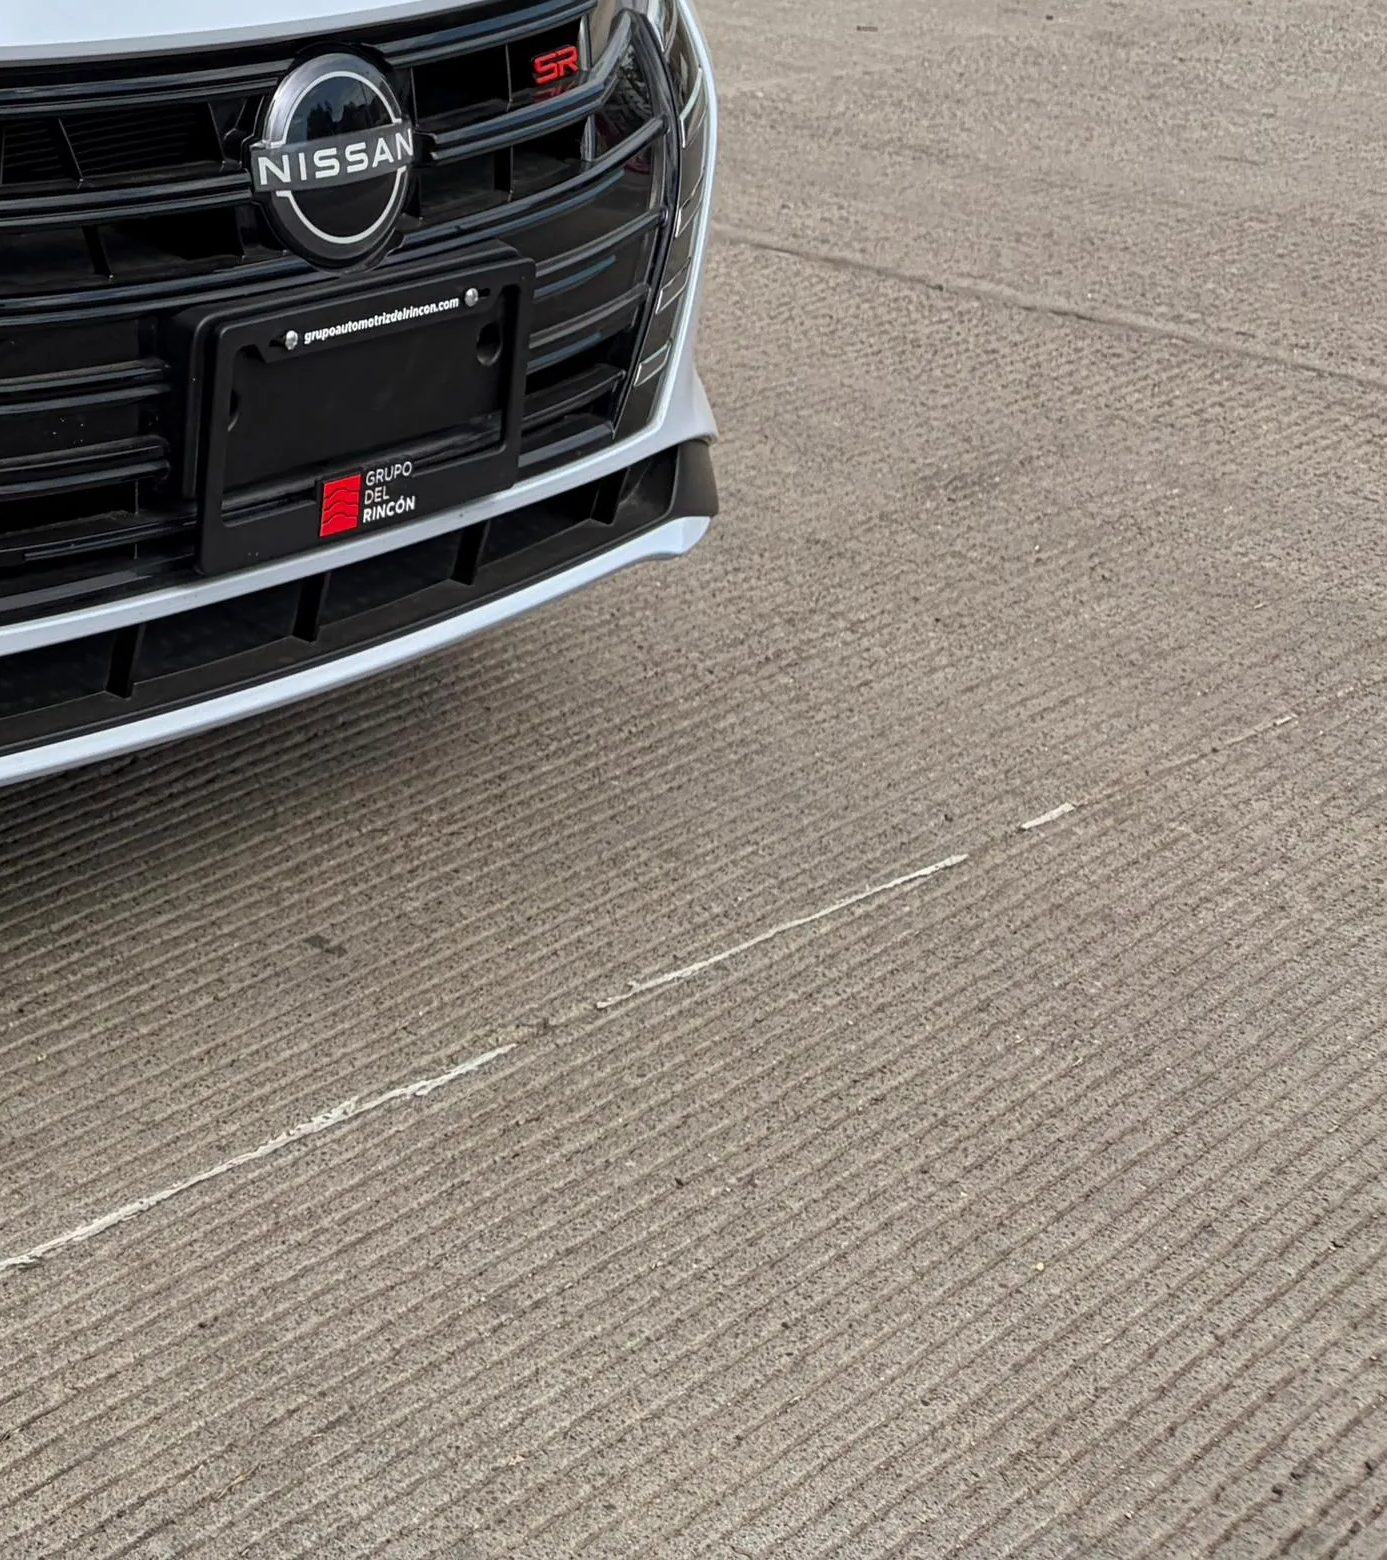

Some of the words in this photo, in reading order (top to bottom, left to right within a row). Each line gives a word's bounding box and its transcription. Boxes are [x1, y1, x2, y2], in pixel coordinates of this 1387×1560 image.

[534, 44, 579, 84] SR
[257, 128, 414, 186] NISSAN
[304, 297, 460, 344] grupoautomotrizdelrincon.com
[365, 461, 413, 486] GRUPO
[362, 496, 416, 523] RINCÓN
[364, 486, 390, 505] DEL
————————
### [REQUIRED WORK]
Retype the listing above exactly, pictures excluded.

### [EXERCISE RESPONSE]
Some of the words in this photo, in reading order (top to bottom, left to right within a row). Each line gives a word's bounding box and its transcription. Boxes are [x1, y1, x2, y2], in pixel coordinates of this 1387×1560 image.

[534, 44, 579, 84] SR
[257, 128, 414, 186] NISSAN
[304, 297, 460, 344] grupoautomotrizdelrincon.com
[365, 461, 413, 486] GRUPO
[362, 496, 416, 523] RINCÓN
[364, 486, 390, 505] DEL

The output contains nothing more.